È il 1981 e così inizia uno dei più famosi esperimenti mentali di Daniel Kahneman e Amos Tversky. Queste ricerche varranno il Nobel. Ancor più saranno alla base di quella rivoluzione nella scienza economica che si chiama economia comportamentale.
Vista l’attualità del tema, ne approfitto per raccontarlo meglio e inquadrarlo nella più generale Prospect Theory. I due avevano già aperto la ricerca psicologica al tema delle euristiche e dei bias, ossia di quelle scorciatoie che ci consentono di prendere decisioni intuitive e veloci. Riconosciamo pattern già visti e agiamo rapidamente. Ma spesso questo porta a delle fallacie a volte anche molto gravi. La razionalità insomma non è più posta al centro delle decisioni umane.

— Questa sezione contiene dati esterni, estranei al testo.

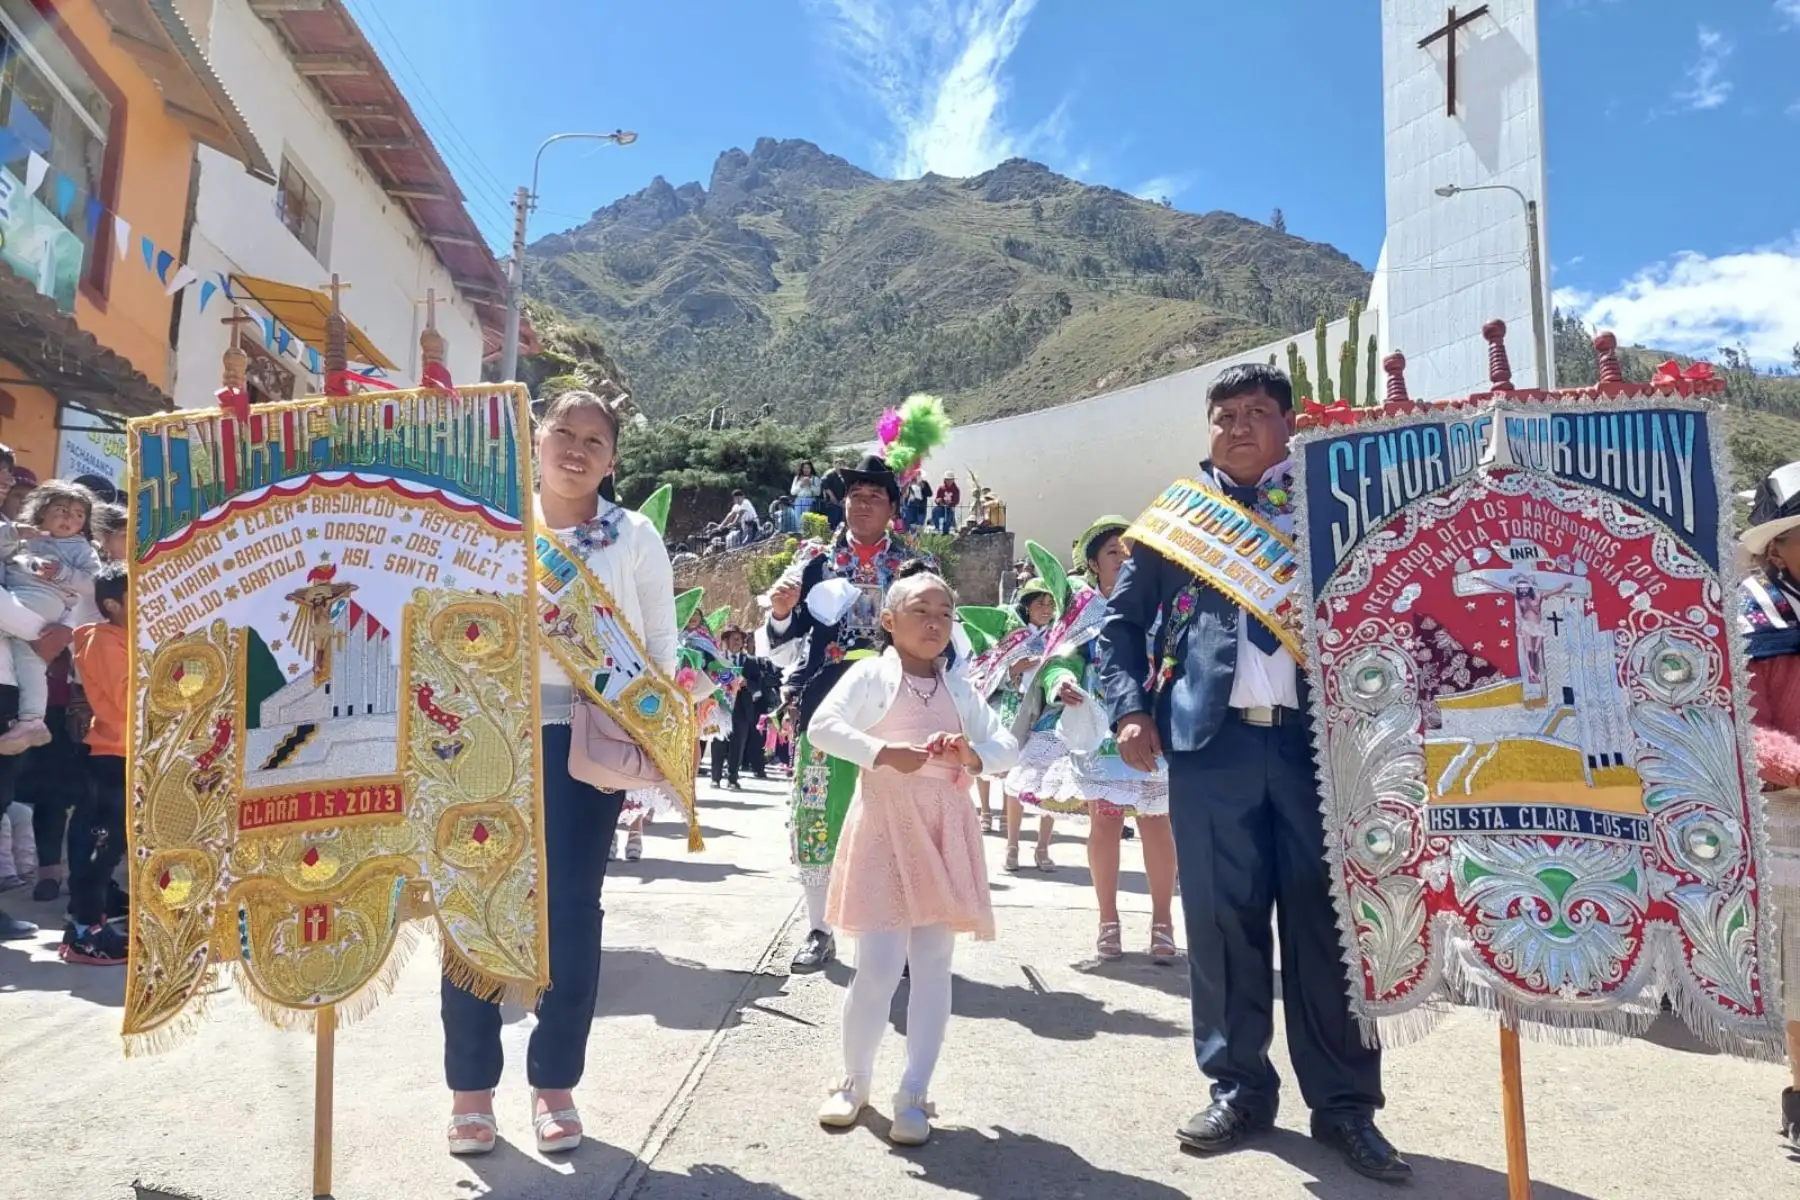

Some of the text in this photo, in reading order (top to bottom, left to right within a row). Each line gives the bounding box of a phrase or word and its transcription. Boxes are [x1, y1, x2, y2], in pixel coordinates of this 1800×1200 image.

[279, 406, 325, 476] DE
[1450, 416, 1495, 477] DE
[1504, 413, 1695, 534] MURUHUAY
[234, 527, 303, 568] BARTOLO
[324, 522, 388, 545] OROSCO
[1362, 499, 1667, 614] RECUERDO DE LOS MAYORDOMOS 2016
[1421, 519, 1623, 586] FAMILIA TORRES MUCHA
[1510, 546, 1539, 560] INRI
[147, 589, 223, 644] BASUALDO
[238, 550, 306, 595] BARTOLO
[383, 553, 440, 583] SANTA
[242, 797, 299, 827] CLARA
[1518, 806, 1580, 832] CLARA
[1589, 815, 1649, 841] 1-05-16
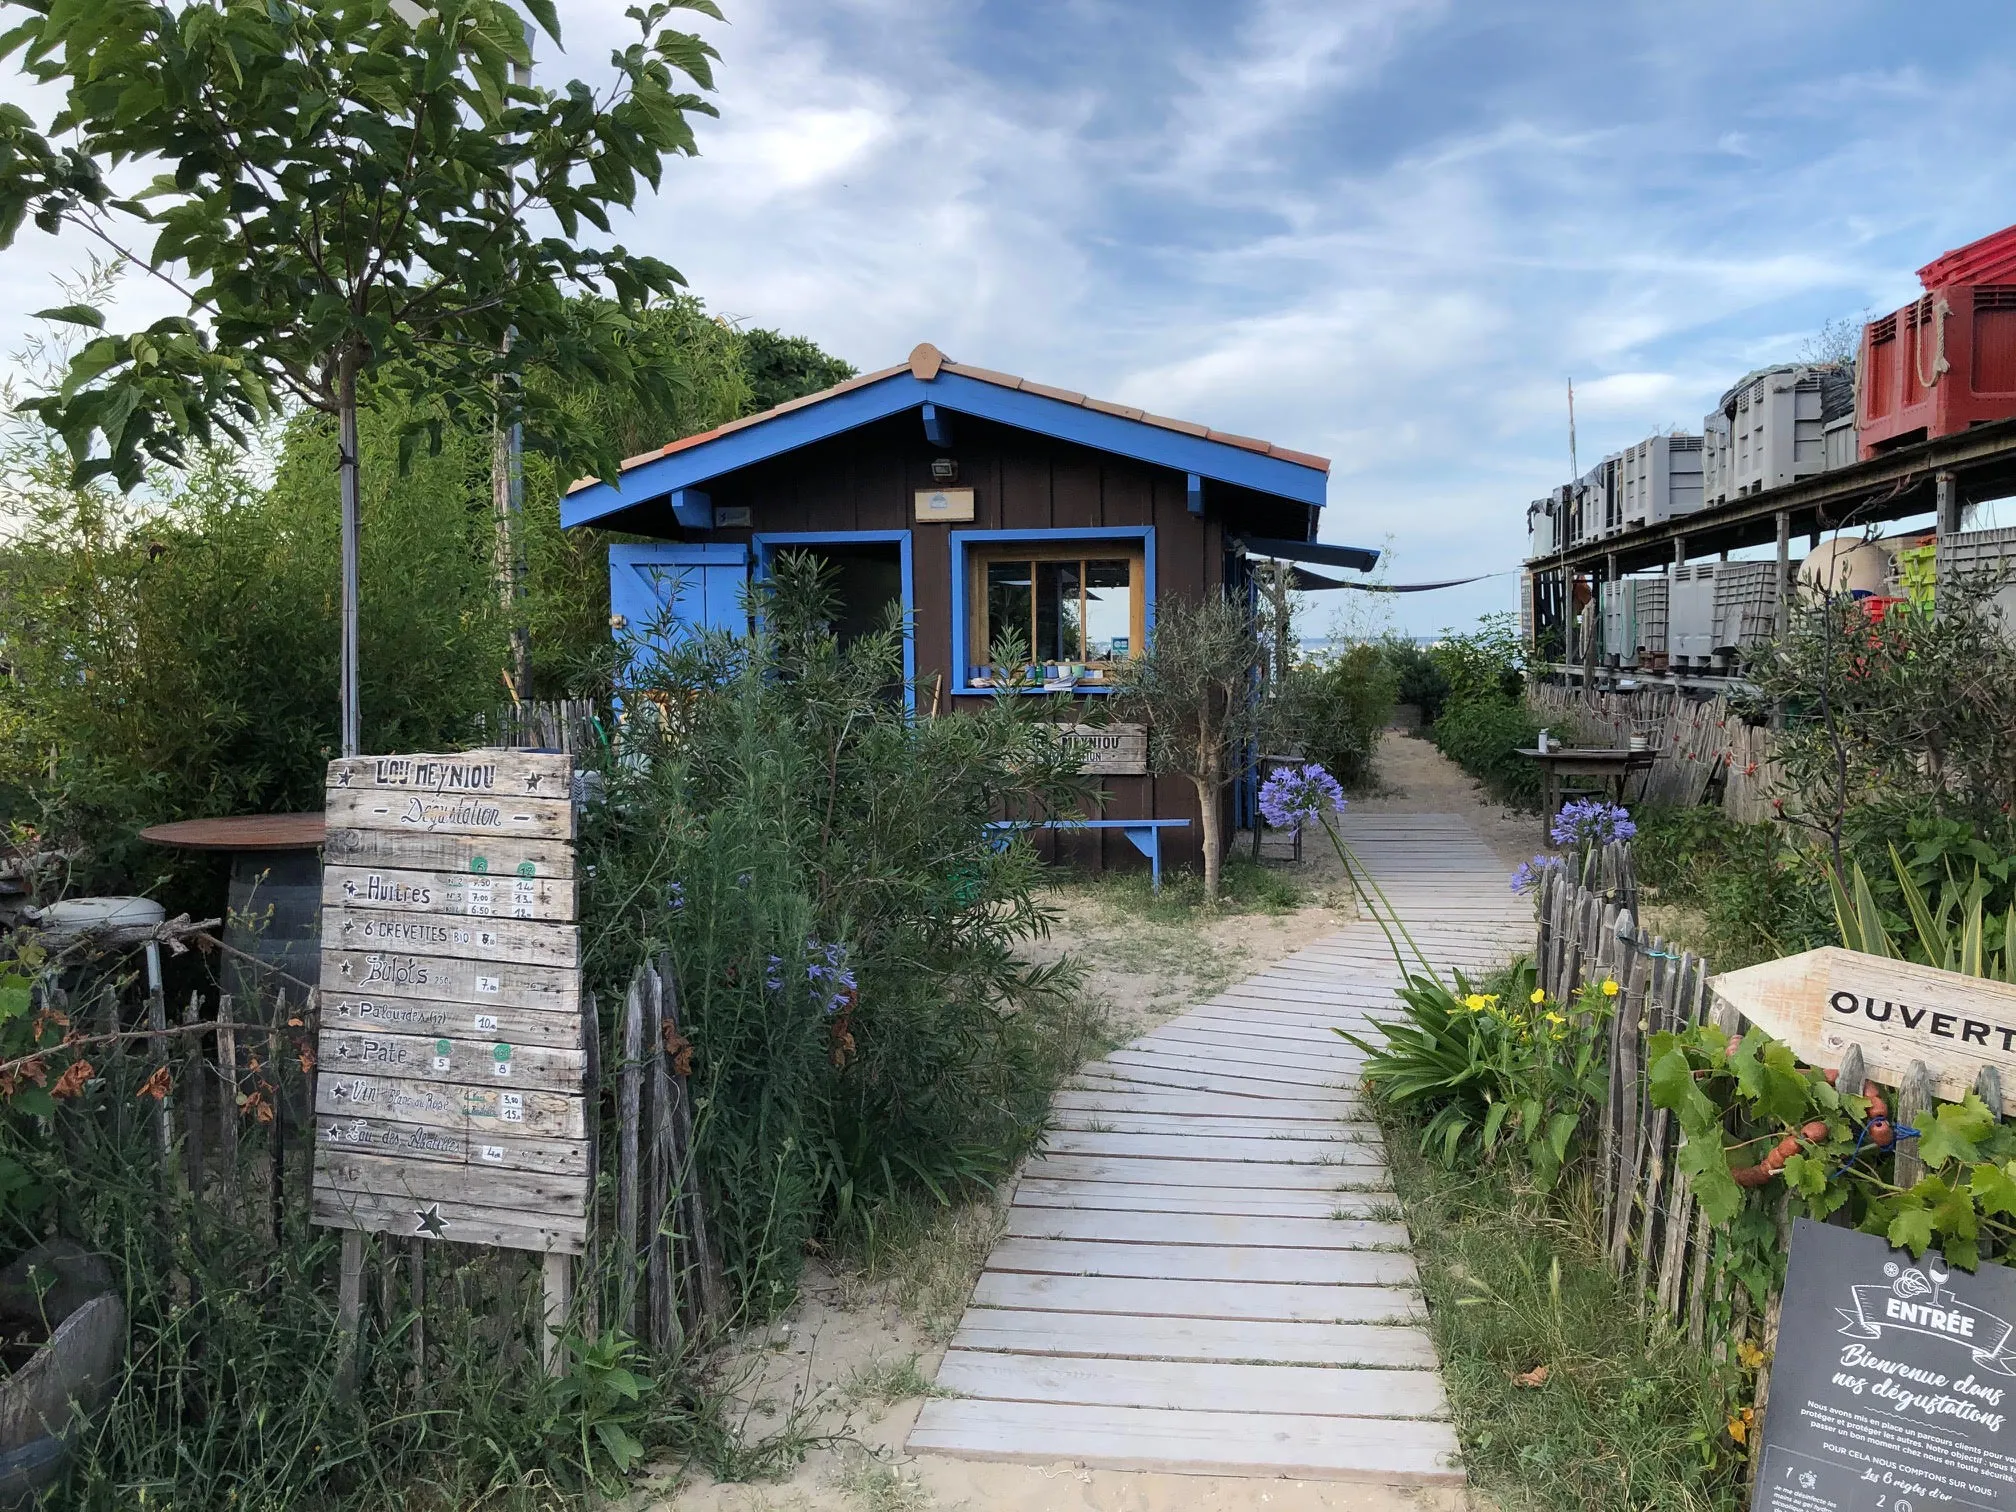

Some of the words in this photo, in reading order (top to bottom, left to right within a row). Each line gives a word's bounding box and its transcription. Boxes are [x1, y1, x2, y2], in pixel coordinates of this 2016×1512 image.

[376, 760, 411, 783] LOU
[365, 922, 373, 936] 6
[379, 923, 447, 942] CREVETTES
[453, 932, 469, 944] BIO
[360, 957, 428, 986] Bulots
[1829, 991, 2016, 1051] OUVERT
[353, 1080, 377, 1102] Vin
[346, 1120, 373, 1142] Eau
[382, 1127, 400, 1146] des
[1886, 1298, 1975, 1338] ENTRÉE
[1840, 1344, 1950, 1387] Bienvenue
[1953, 1375, 2005, 1406] dans
[1832, 1372, 1868, 1395] nos
[1871, 1378, 2007, 1432] dégustations
[1800, 1408, 1836, 1423] protéger
[1836, 1418, 1846, 1427] et
[1846, 1421, 1882, 1436] protéger
[1883, 1430, 1895, 1440] les
[1896, 1435, 1924, 1449] autres.
[1925, 1442, 1950, 1456] Notre
[1950, 1450, 1983, 1464] objectif
[1988, 1461, 2009, 1472] vous
[1807, 1400, 1828, 1412] Nous
[1828, 1407, 1853, 1419] avons
[1853, 1414, 1868, 1423] mis
[1869, 1418, 1880, 1426] en
[1881, 1421, 1904, 1433] place
[1904, 1428, 1916, 1436] un
[1917, 1431, 1953, 1447] parcours
[1954, 1442, 1982, 1455] clients
[1983, 1450, 2003, 1460] pour
[1810, 1420, 1837, 1433] passer
[1837, 1428, 1849, 1437] un
[1849, 1430, 1866, 1442] bon
[1866, 1437, 1901, 1452] moment
[1902, 1446, 1922, 1458] chez
[1922, 1453, 1943, 1464] nous
[1944, 1459, 1956, 1467] en
[1956, 1461, 1979, 1474] toute
[1980, 1468, 2016, 1483] sécurité.
[1822, 1441, 1847, 1455] POUR
[1848, 1449, 1871, 1463] CELA
[1872, 1456, 1897, 1470] NOUS
[1898, 1464, 1947, 1484] COMPTONS
[1948, 1478, 1967, 1489] SUR
[1968, 1483, 1992, 1497] VOUS
[1860, 1467, 1881, 1483] Les
[1882, 1471, 1893, 1484] 6
[1892, 1479, 1928, 1497] règles
[1928, 1487, 1953, 1501] d'or
[1876, 1494, 1886, 1508] 2
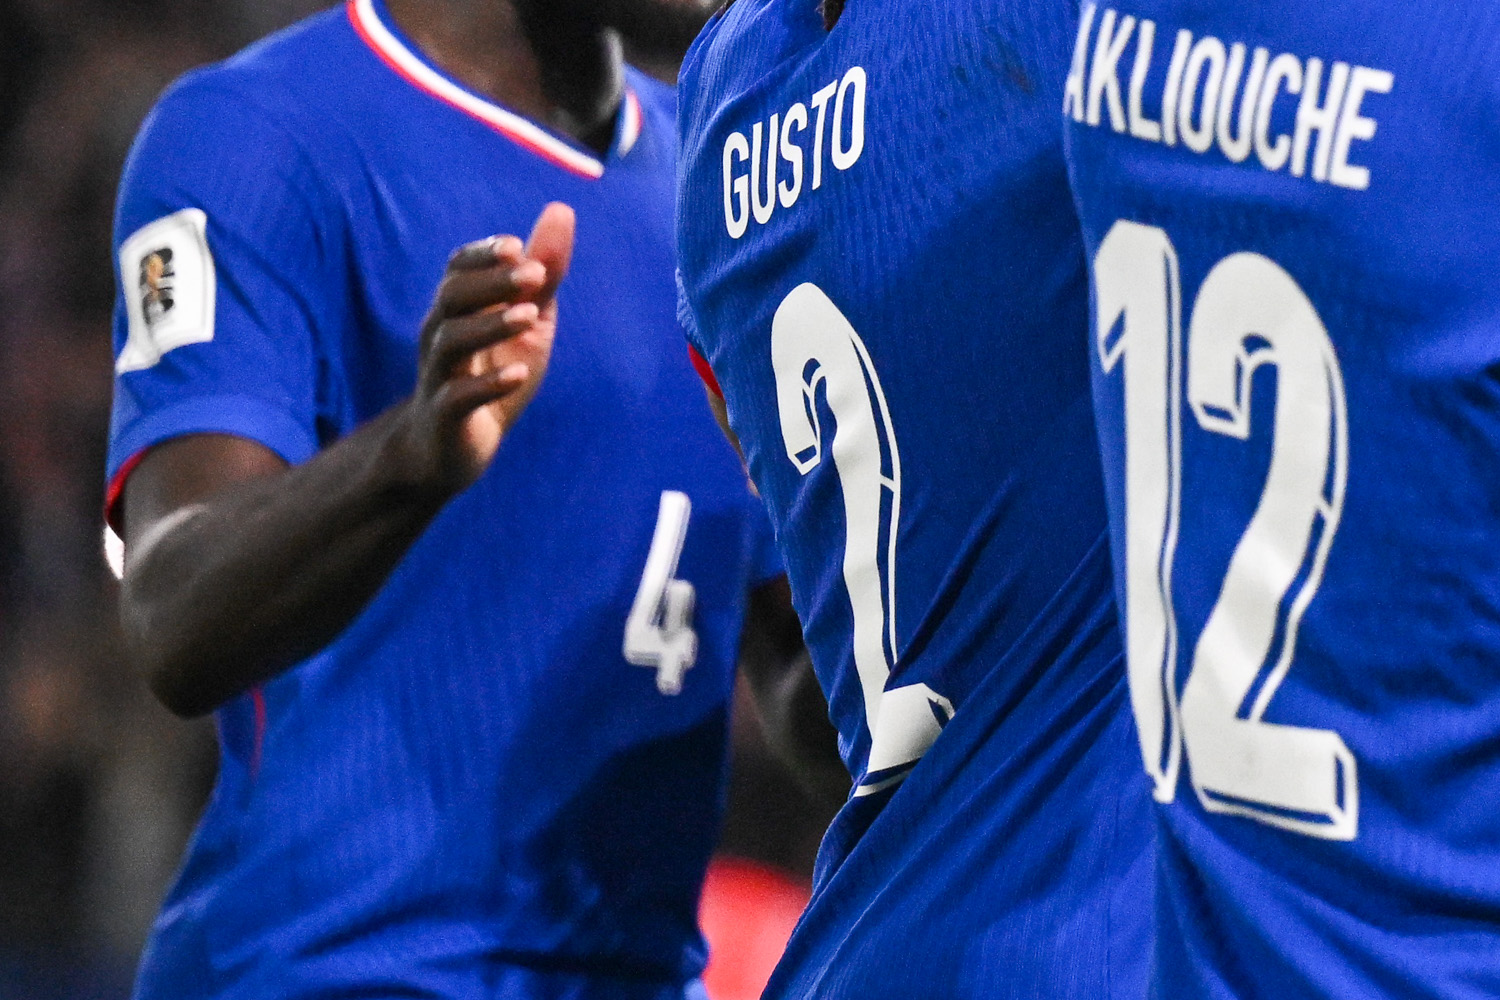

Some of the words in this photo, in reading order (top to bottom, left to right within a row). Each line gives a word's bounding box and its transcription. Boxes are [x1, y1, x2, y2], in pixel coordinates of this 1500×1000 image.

[723, 66, 866, 239] GUSTO
[1063, 3, 1394, 190] AKLIOUCHE
[623, 490, 698, 696] 4
[771, 282, 955, 797] 2
[1094, 219, 1359, 841] 12
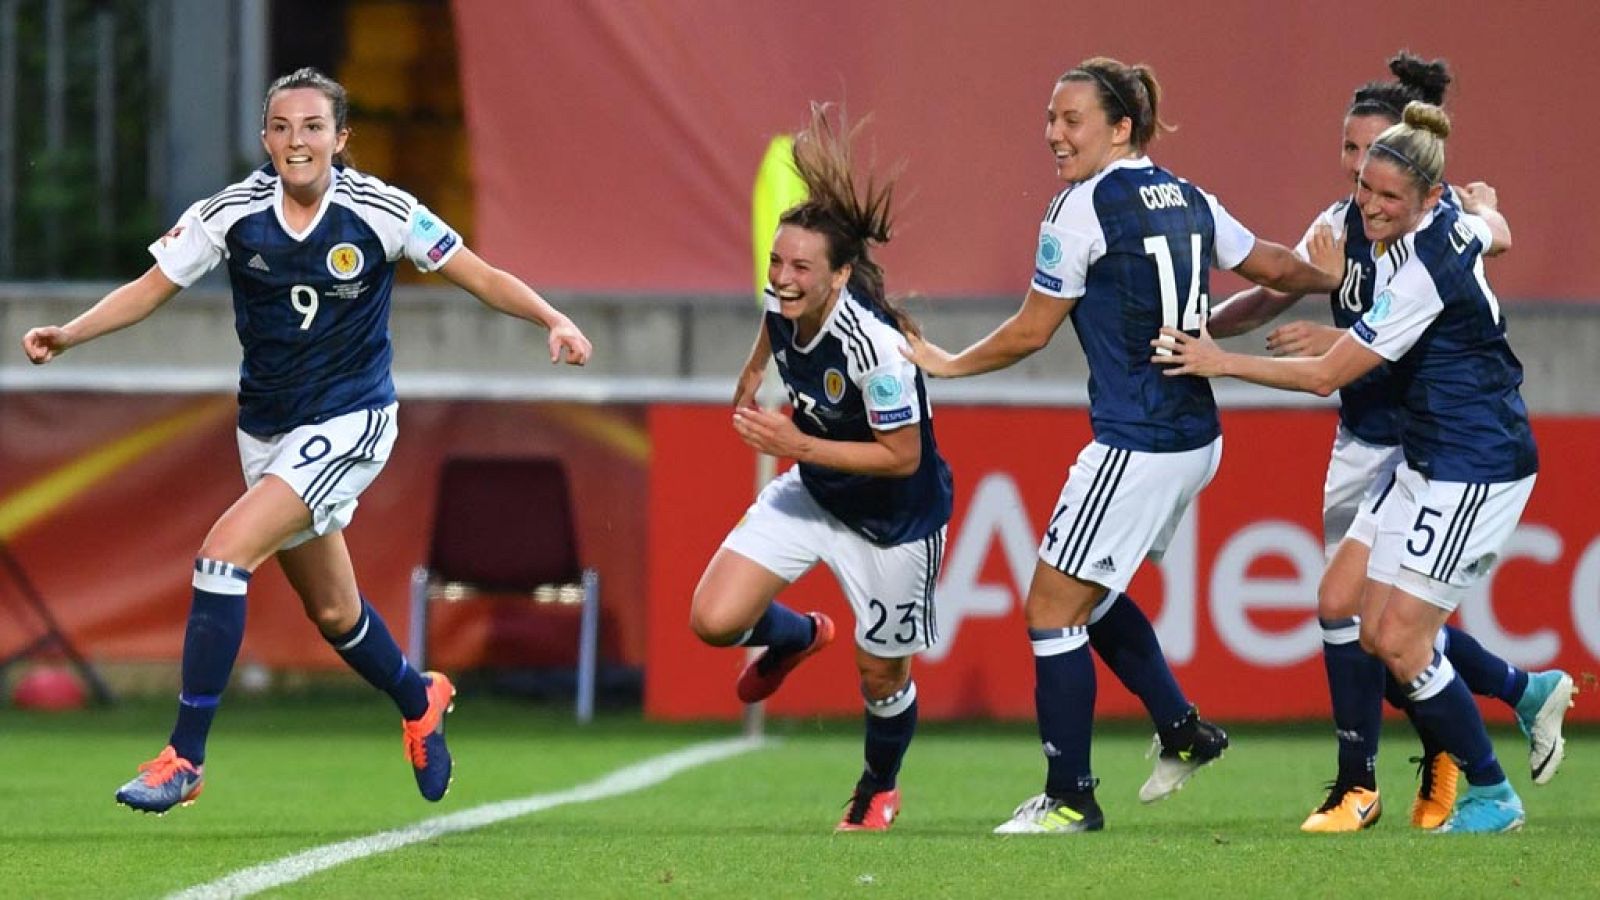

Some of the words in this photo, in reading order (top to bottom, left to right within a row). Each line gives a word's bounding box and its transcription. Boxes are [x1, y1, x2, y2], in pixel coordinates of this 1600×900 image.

Una rivoluzione nell’economia
Il tema diventa pesante quando i due rivolgono l’attenzione verso il campo economico dove, al di là di alcuni brillanti precursori, dominava una visione molto razionale dell’agire umano. L’homo economicus prevaleva. La massimizzazione dell’utilità attesa era il mantra per definire le aspettative di azione da parte degli attori del mercato.
Ma siamo già agli anni 2000.
Torniamo indietro a quell’esperimento del 1981.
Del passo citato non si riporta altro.